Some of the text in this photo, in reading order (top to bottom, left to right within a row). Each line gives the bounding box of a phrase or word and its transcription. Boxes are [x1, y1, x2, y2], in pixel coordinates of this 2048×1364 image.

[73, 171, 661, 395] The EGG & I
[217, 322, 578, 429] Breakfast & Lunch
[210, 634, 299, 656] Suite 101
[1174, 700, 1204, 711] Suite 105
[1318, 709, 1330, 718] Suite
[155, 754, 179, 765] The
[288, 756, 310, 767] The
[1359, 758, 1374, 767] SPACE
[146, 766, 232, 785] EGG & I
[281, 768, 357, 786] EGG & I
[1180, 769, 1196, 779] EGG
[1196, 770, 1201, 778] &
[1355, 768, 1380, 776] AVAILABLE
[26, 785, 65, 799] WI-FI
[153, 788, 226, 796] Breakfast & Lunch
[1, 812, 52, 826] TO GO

——

■ WHAT YOU WILL DO
Each record must be duplicated exactly, with none missing.

■ FINISHED TASK
Some of the text in this photo, in reading order (top to bottom, left to right within a row). Each line gives the bounding box of a phrase or word and its transcription. Boxes are [x1, y1, x2, y2], in pixel coordinates of this 2048×1364 image.

[73, 171, 661, 395] The EGG & I
[217, 322, 578, 429] Breakfast & Lunch
[210, 634, 299, 656] Suite 101
[1174, 700, 1204, 711] Suite 105
[1318, 709, 1330, 718] Suite
[155, 754, 179, 765] The
[288, 756, 310, 767] The
[1359, 758, 1374, 767] SPACE
[146, 766, 232, 785] EGG & I
[281, 768, 357, 786] EGG & I
[1180, 769, 1196, 779] EGG
[1196, 770, 1201, 778] &
[1355, 768, 1380, 776] AVAILABLE
[26, 785, 65, 799] WI-FI
[153, 788, 226, 796] Breakfast & Lunch
[1, 812, 52, 826] TO GO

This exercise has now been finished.